British aid volunteers missing in Ukraine war zone
Two British aid volunteers have been reported missing in
eastern Ukraine, raising fears for their safety.
Andrew Bagshaw, 48, and Christopher Parry, 28, were working
to evacuate civilians from the war zone, sometimes under shell fire.
Ukrainian police said the pair left the city of Kramatorsk
for Soledar, 25 miles away, at 8am on Friday but had not made contact since.
There has been heavy fighting in the area in recent weeks as
Russian forces attempt to seize Soledar and the nearby city of Bakhmut in the
face of fierce Ukrainian resistance.
Parry, a former coach at Cheltenham Running Club who is
originally from Cornwall, told CornwallLive in November that he had joined an
NGO in March that drove into conflict areas to retrieve endangered civilians.
“People really
instilled the fear of God in me that I was going to die,” he said. “I was shown
vans that had bullet holes in them. I was heading into a place that everyone
was fleeing.”
Last month, Parry told Sky News that the 4x4 he was using
was written off after it was hit by a Russian tank round while he was driving.

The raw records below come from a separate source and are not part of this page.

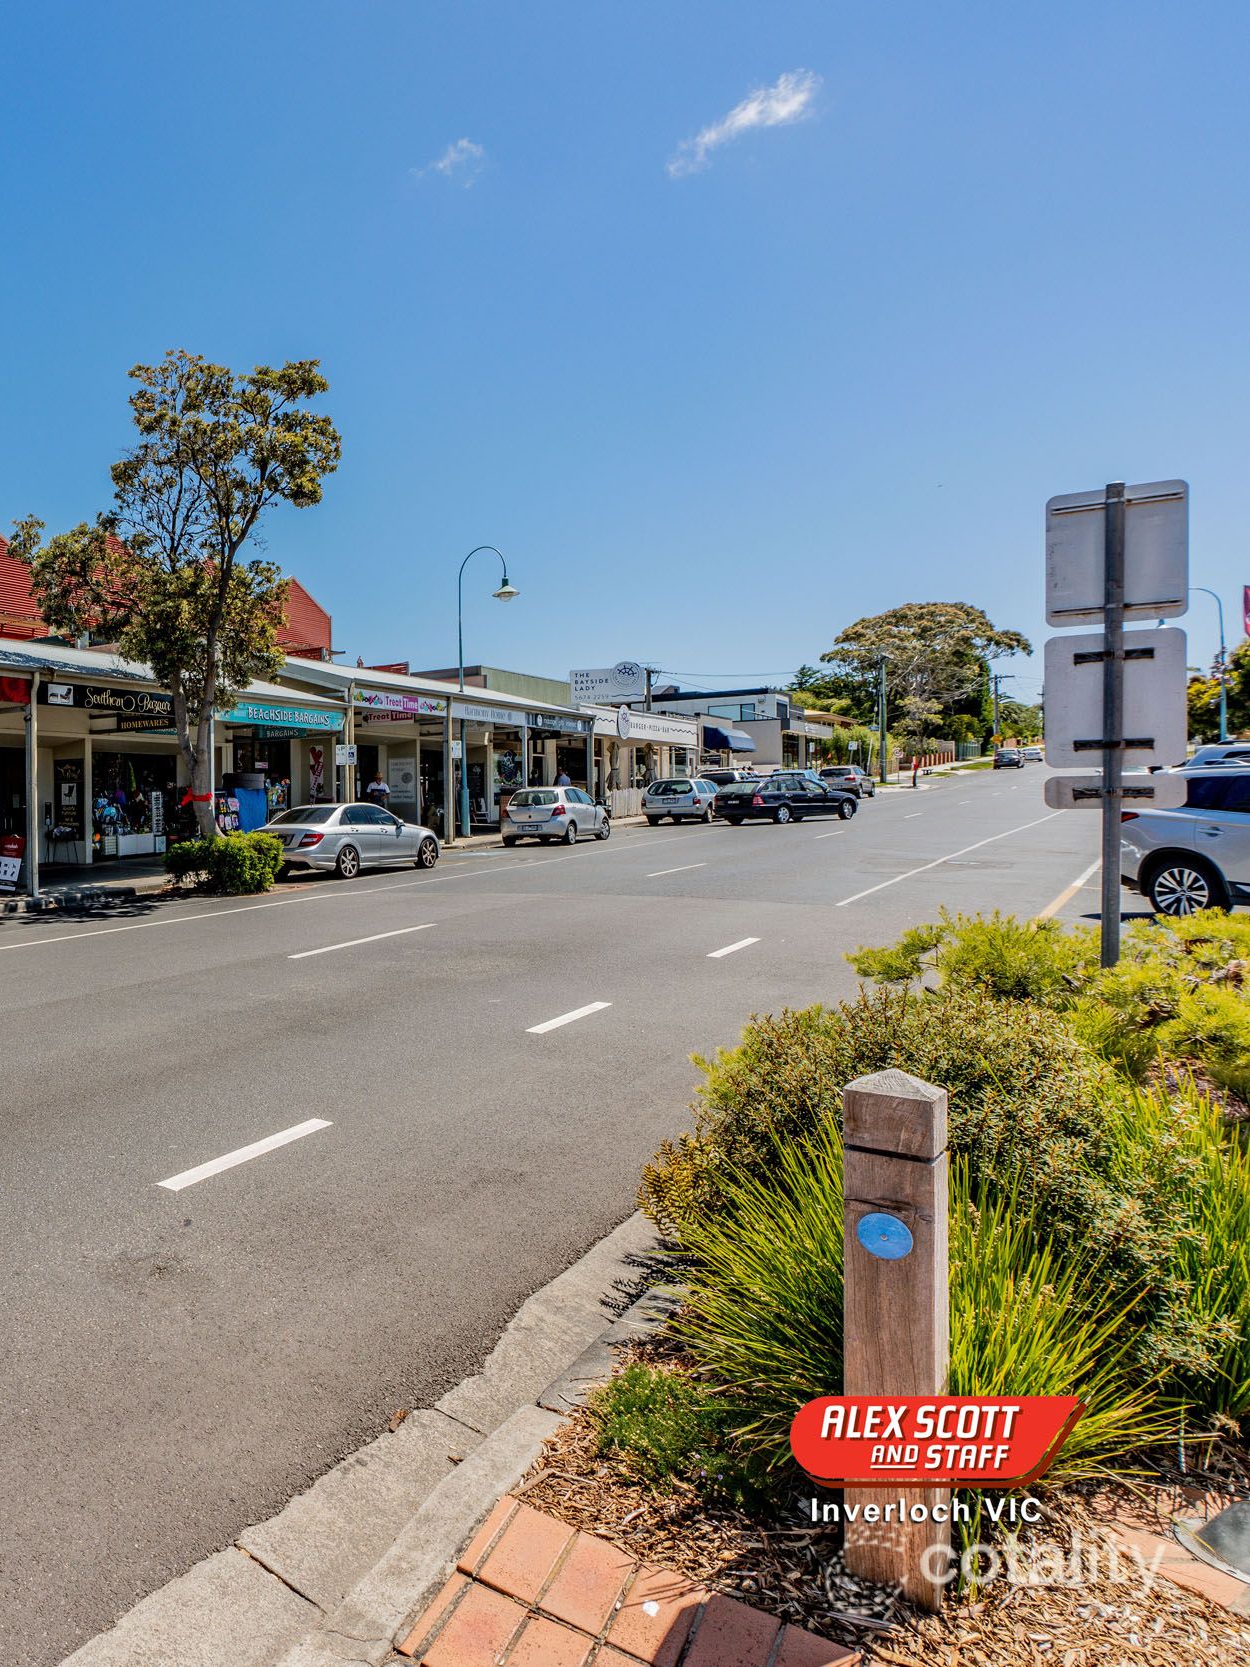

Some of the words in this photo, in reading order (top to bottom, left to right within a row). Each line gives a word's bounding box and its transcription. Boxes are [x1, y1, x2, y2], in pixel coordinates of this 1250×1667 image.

[84, 687, 136, 712] Southern
[137, 692, 172, 714] Bazaar
[385, 695, 403, 707] Treat
[403, 698, 419, 710] Time
[247, 706, 293, 723] BEACHSIDE
[294, 711, 331, 727] BARGAINS
[368, 712, 390, 721] Treat
[391, 711, 413, 720] Time
[120, 718, 170, 730] HOMEWARES
[266, 728, 299, 738] BARGAINS
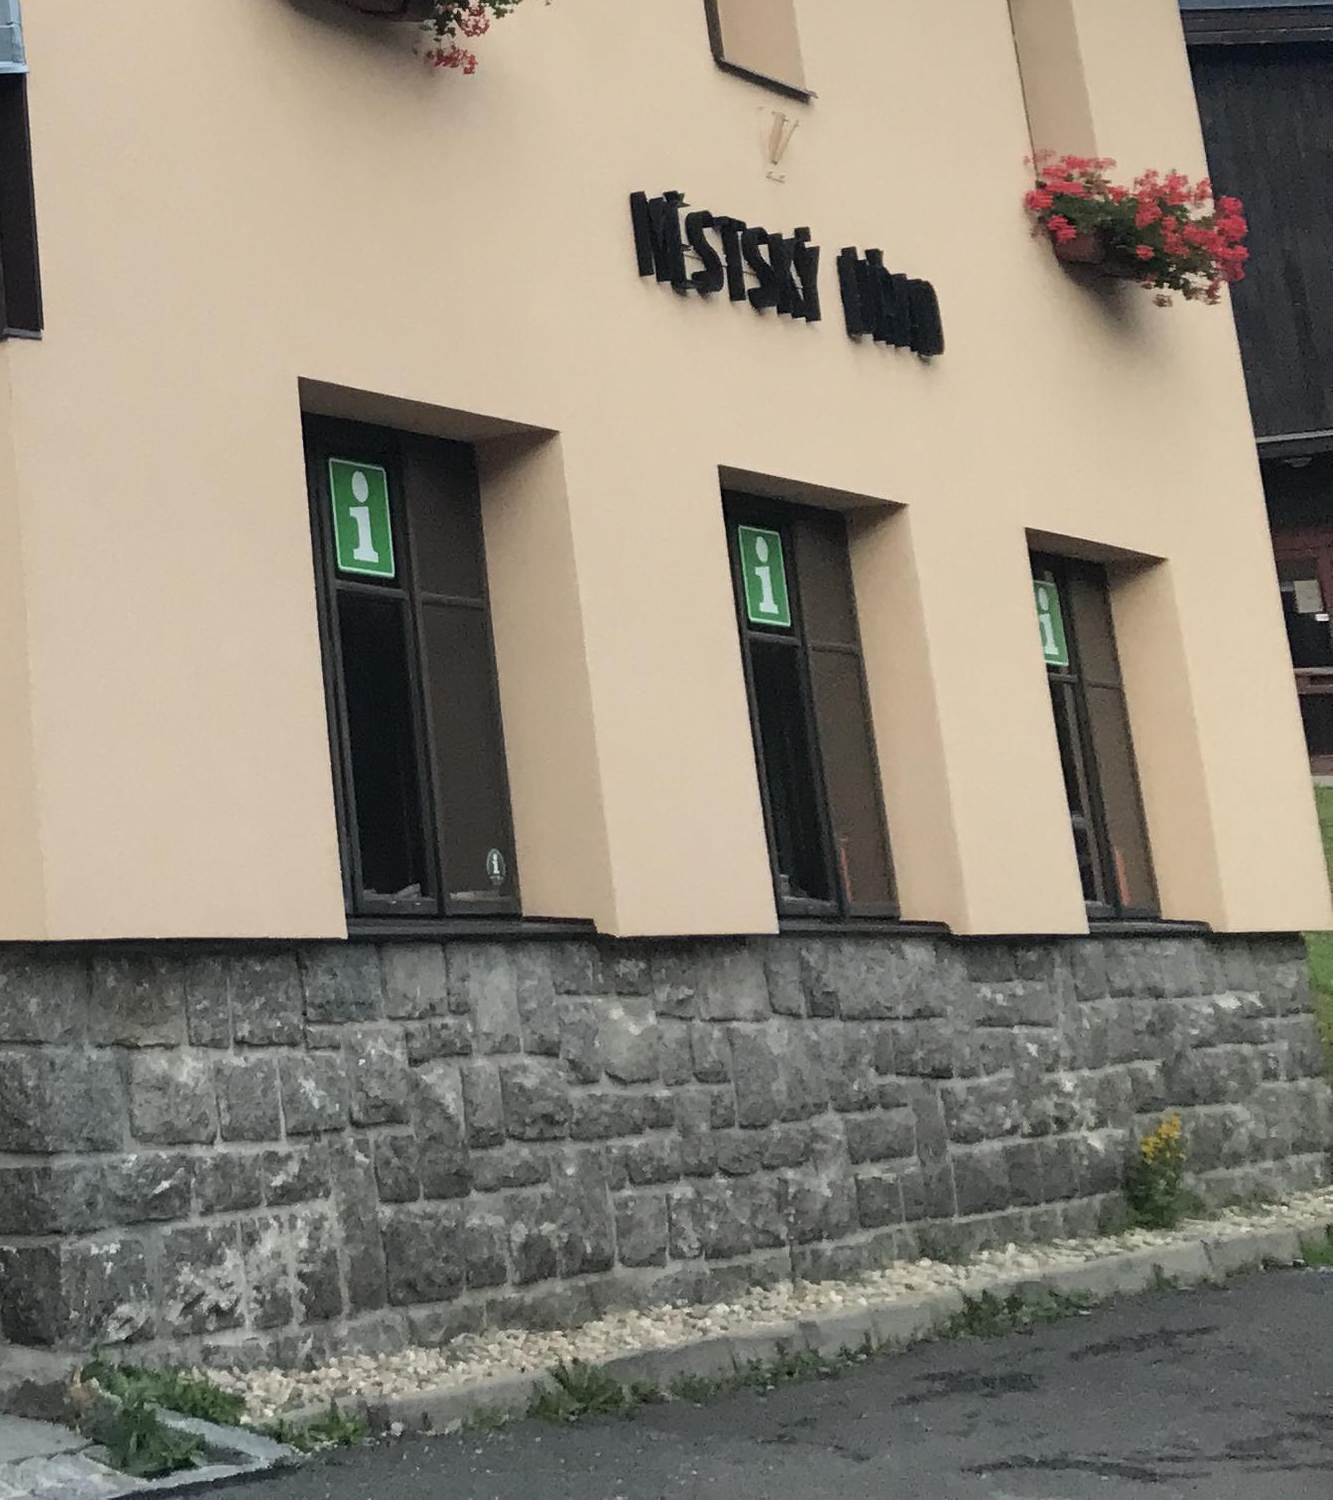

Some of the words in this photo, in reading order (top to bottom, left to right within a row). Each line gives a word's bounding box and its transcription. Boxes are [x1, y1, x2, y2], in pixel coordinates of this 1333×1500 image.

[349, 470, 379, 563] i
[755, 536, 779, 614] i
[1038, 587, 1059, 655] i
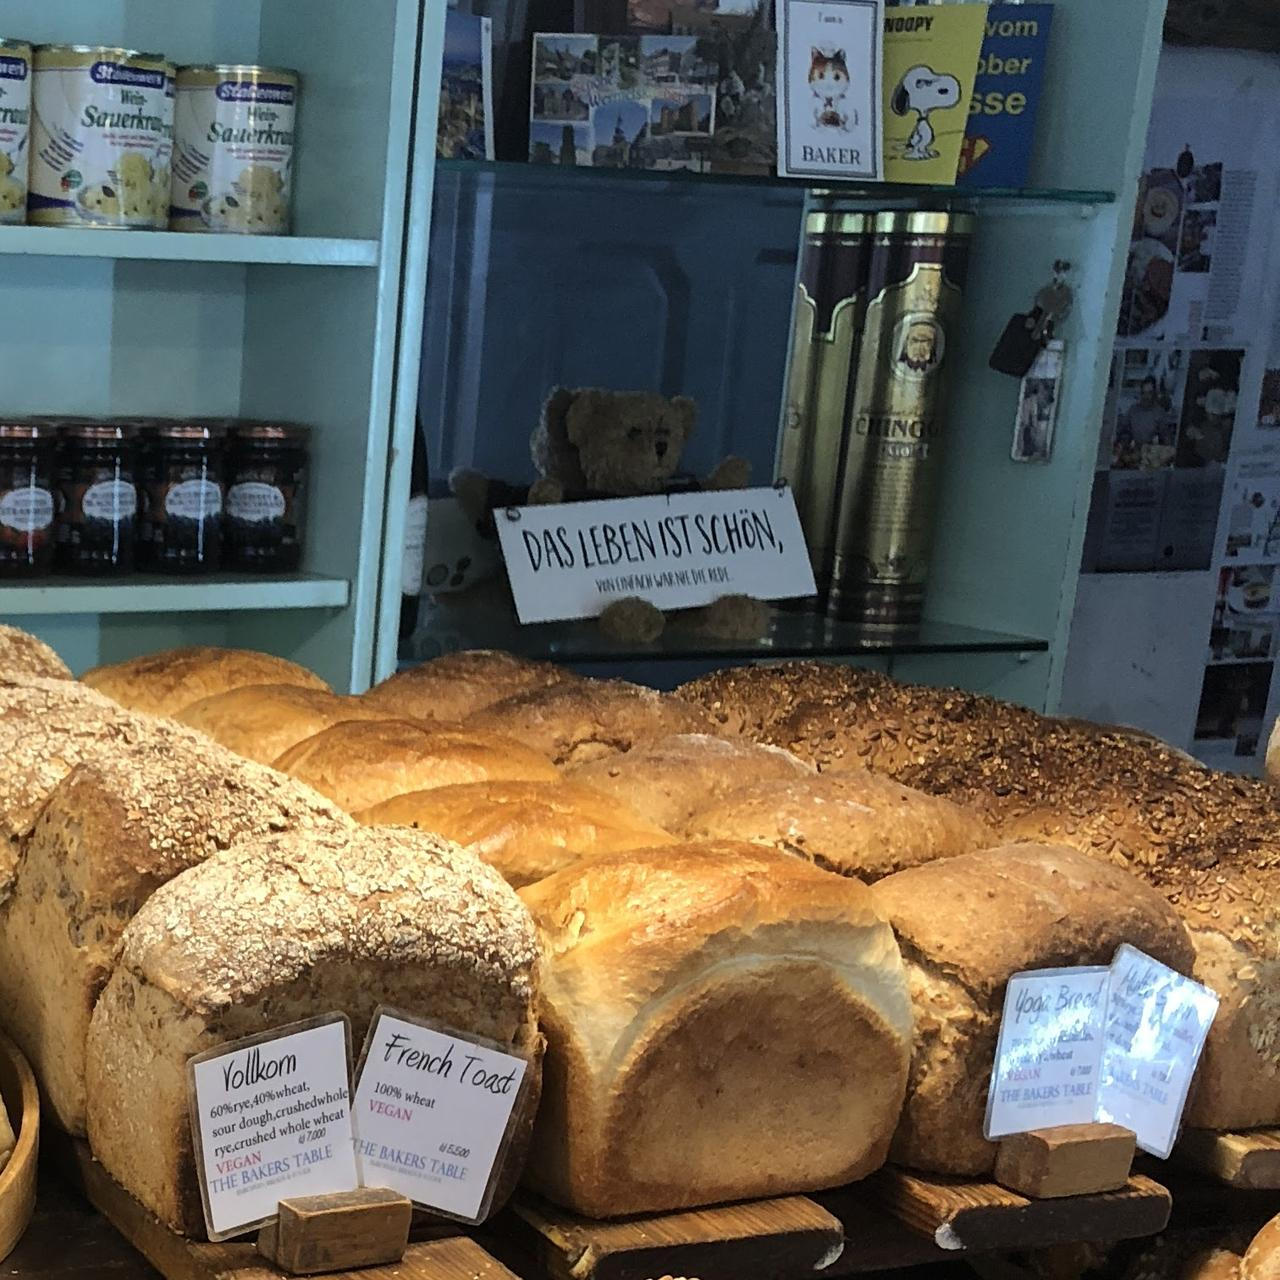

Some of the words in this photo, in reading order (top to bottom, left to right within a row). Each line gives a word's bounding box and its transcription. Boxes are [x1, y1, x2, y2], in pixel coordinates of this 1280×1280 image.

He said that operating from a position 400 metres from the
front in Bakhmut, he had evacuated about 30 people within three weeks of
getting the vehicle, which was funded by online donors.
“I am willing to go to the places that a lot of people
aren’t,” he added.
In a recent Instagram post Parry said that he was “running
the gauntlet to find an elderly couple who got lost on the front”.
Bagshaw, a geneticist from Christchurch in New Zealand who
has British citizenship, was also working as part of a team of local and
international volunteers evacuating civilians from near the front, especially
around Soledar.
“The closer you get to the east, the worse it gets,” he told
Stuff in August. “There’s just massive destruction basically. Every building is
damaged to some extent, windows blown out or demolished.”
Christopher Monaghan, a former British soldier who had
worked with Bagshaw in Ukraine, said that his disappearance was “horrendous
news”.
Bagshaw’s parents, Philip and Susan Bagshaw, said in a
statement to New Zealand media: “Andrew is a very intelligent, independently
minded person, who went there as a volunteer to assist the people of Ukraine,
believing it to be the morally right thing to do.”
Russian state media described the men as “mercenaries”.